Action item: Reproduce all of the records word for word, omitting the pictures.

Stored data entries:
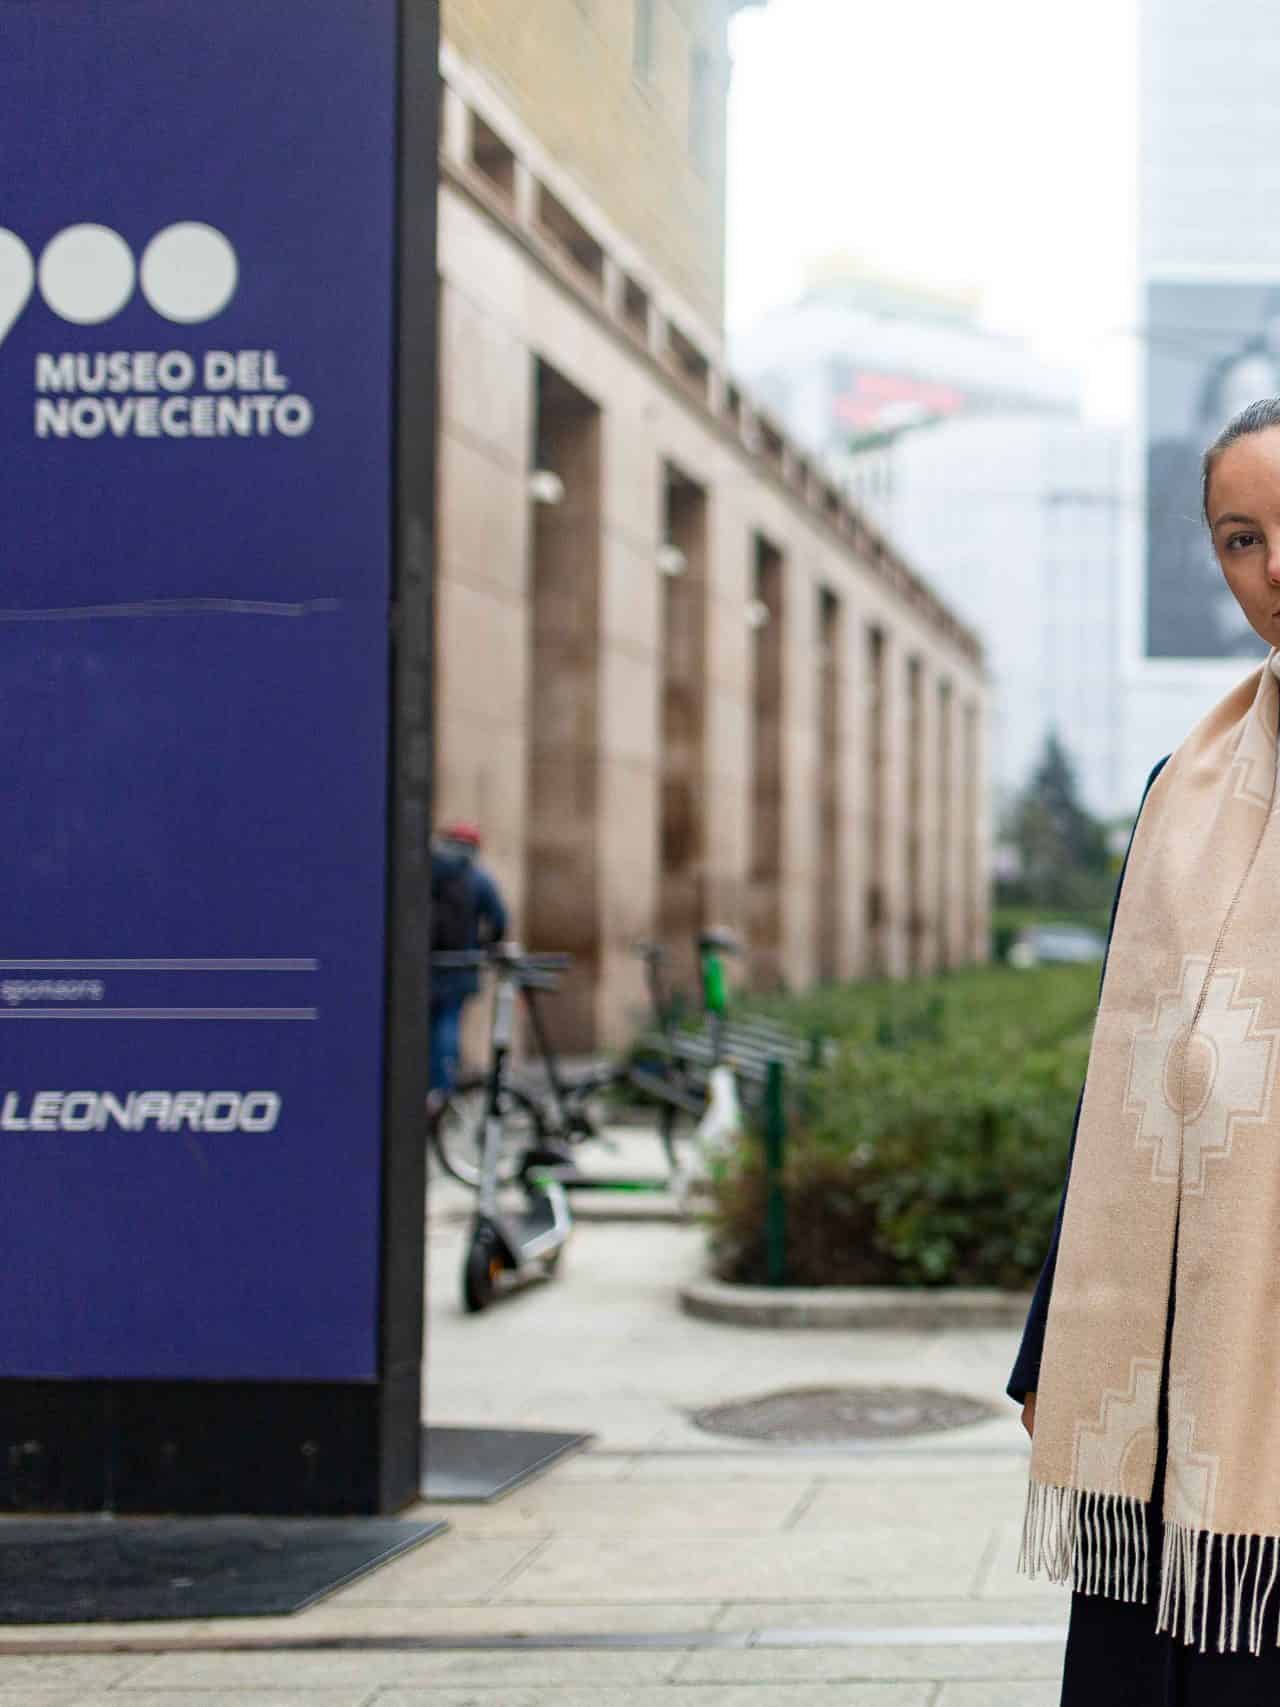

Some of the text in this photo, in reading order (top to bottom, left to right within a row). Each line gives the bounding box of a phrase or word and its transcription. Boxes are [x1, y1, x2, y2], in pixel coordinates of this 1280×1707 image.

[36, 350, 287, 392] MUSEO DEL
[36, 395, 313, 439] NOVECENTO
[1, 1090, 282, 1132] LEONARDO
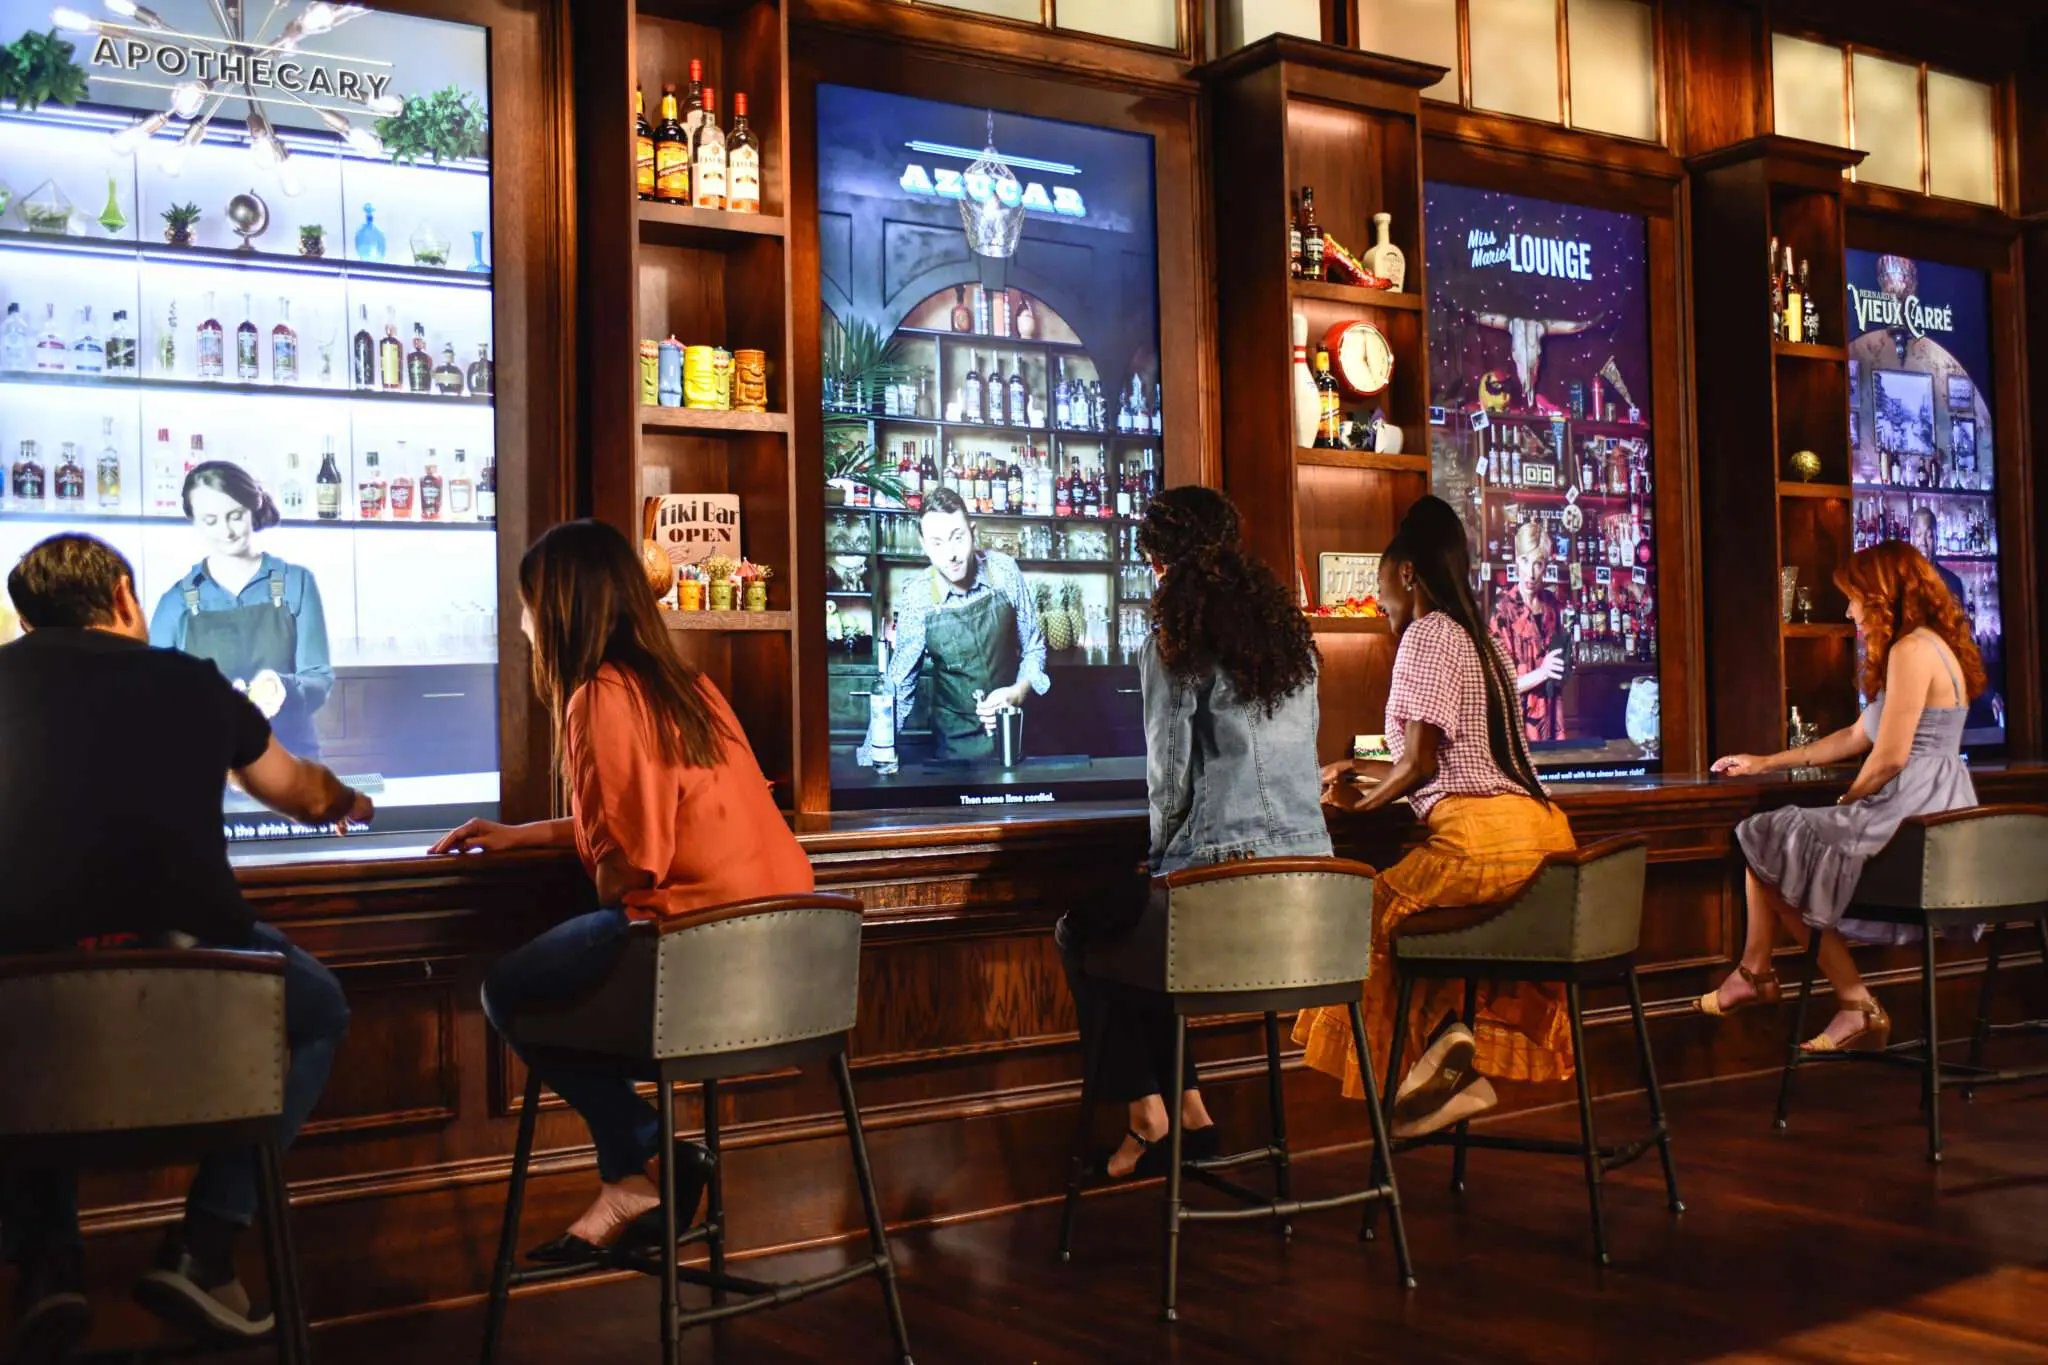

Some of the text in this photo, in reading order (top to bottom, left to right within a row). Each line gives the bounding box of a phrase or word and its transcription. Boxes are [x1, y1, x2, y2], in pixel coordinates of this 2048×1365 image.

Written answer:
Some of the text in this photo, in reading order (top to bottom, left to right within a row). Each line gives the bounding box of a phrase or word and its transcription. Boxes are [x1, y1, x2, y2], in pixel coordinates of this 1280×1707 image.

[36, 350, 287, 392] MUSEO DEL
[36, 395, 313, 439] NOVECENTO
[1, 1090, 282, 1132] LEONARDO

Some of the text in this photo, in reading order (top to bottom, left to right within a row). Each line gives the bounding box of a phrase or word and its transcription. Boxes are [x1, y1, x2, y2], in pixel coordinates of this 2048×1365 image.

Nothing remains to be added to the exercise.